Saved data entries

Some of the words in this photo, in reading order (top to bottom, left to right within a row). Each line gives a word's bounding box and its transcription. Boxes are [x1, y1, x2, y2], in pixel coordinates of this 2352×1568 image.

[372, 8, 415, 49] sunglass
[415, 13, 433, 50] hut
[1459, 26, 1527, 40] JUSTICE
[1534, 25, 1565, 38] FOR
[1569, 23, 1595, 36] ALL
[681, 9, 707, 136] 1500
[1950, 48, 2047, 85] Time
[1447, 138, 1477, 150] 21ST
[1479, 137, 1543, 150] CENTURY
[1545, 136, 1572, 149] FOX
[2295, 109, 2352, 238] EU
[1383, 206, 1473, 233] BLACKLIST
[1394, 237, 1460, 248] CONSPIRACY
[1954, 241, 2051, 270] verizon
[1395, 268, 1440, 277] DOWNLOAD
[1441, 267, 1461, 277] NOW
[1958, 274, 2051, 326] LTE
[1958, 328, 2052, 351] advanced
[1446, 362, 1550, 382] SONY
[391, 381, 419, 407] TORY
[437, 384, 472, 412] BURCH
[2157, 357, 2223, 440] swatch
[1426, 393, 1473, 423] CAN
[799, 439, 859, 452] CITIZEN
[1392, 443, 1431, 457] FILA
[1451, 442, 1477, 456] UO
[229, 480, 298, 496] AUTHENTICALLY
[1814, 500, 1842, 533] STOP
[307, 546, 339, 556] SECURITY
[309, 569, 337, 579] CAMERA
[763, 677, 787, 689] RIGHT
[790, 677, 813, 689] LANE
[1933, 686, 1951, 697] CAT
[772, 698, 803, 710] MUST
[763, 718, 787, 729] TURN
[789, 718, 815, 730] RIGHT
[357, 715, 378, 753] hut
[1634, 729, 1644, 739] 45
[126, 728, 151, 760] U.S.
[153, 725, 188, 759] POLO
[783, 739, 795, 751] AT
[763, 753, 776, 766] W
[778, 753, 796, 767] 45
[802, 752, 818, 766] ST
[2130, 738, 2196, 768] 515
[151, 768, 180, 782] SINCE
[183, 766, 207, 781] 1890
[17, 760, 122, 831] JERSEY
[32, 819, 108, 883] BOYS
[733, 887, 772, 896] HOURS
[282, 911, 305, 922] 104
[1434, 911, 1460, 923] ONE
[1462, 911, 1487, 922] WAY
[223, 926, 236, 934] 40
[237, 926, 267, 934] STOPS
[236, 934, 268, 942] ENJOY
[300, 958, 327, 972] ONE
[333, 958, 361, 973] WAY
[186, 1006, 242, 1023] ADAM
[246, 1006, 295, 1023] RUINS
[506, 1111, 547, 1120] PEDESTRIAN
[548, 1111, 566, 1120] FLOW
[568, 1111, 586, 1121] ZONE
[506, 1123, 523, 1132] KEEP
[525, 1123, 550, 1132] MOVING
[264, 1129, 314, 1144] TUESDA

Task to carry out -
When you answer, repeat every record exactly, omitting nothing.

Response to this task -
Some of the words in this photo, in reading order (top to bottom, left to right within a row). Each line gives a word's bounding box and its transcription. Boxes are [x1, y1, x2, y2], in pixel coordinates of this 2352×1568 image.

[372, 8, 415, 49] sunglass
[415, 13, 433, 50] hut
[1459, 26, 1527, 40] JUSTICE
[1534, 25, 1565, 38] FOR
[1569, 23, 1595, 36] ALL
[681, 9, 707, 136] 1500
[1950, 48, 2047, 85] Time
[1447, 138, 1477, 150] 21ST
[1479, 137, 1543, 150] CENTURY
[1545, 136, 1572, 149] FOX
[2295, 109, 2352, 238] EU
[1383, 206, 1473, 233] BLACKLIST
[1394, 237, 1460, 248] CONSPIRACY
[1954, 241, 2051, 270] verizon
[1395, 268, 1440, 277] DOWNLOAD
[1441, 267, 1461, 277] NOW
[1958, 274, 2051, 326] LTE
[1958, 328, 2052, 351] advanced
[1446, 362, 1550, 382] SONY
[391, 381, 419, 407] TORY
[437, 384, 472, 412] BURCH
[2157, 357, 2223, 440] swatch
[1426, 393, 1473, 423] CAN
[799, 439, 859, 452] CITIZEN
[1392, 443, 1431, 457] FILA
[1451, 442, 1477, 456] UO
[229, 480, 298, 496] AUTHENTICALLY
[1814, 500, 1842, 533] STOP
[307, 546, 339, 556] SECURITY
[309, 569, 337, 579] CAMERA
[763, 677, 787, 689] RIGHT
[790, 677, 813, 689] LANE
[1933, 686, 1951, 697] CAT
[772, 698, 803, 710] MUST
[763, 718, 787, 729] TURN
[789, 718, 815, 730] RIGHT
[357, 715, 378, 753] hut
[1634, 729, 1644, 739] 45
[126, 728, 151, 760] U.S.
[153, 725, 188, 759] POLO
[783, 739, 795, 751] AT
[763, 753, 776, 766] W
[778, 753, 796, 767] 45
[802, 752, 818, 766] ST
[2130, 738, 2196, 768] 515
[151, 768, 180, 782] SINCE
[183, 766, 207, 781] 1890
[17, 760, 122, 831] JERSEY
[32, 819, 108, 883] BOYS
[733, 887, 772, 896] HOURS
[282, 911, 305, 922] 104
[1434, 911, 1460, 923] ONE
[1462, 911, 1487, 922] WAY
[223, 926, 236, 934] 40
[237, 926, 267, 934] STOPS
[236, 934, 268, 942] ENJOY
[300, 958, 327, 972] ONE
[333, 958, 361, 973] WAY
[186, 1006, 242, 1023] ADAM
[246, 1006, 295, 1023] RUINS
[506, 1111, 547, 1120] PEDESTRIAN
[548, 1111, 566, 1120] FLOW
[568, 1111, 586, 1121] ZONE
[506, 1123, 523, 1132] KEEP
[525, 1123, 550, 1132] MOVING
[264, 1129, 314, 1144] TUESDA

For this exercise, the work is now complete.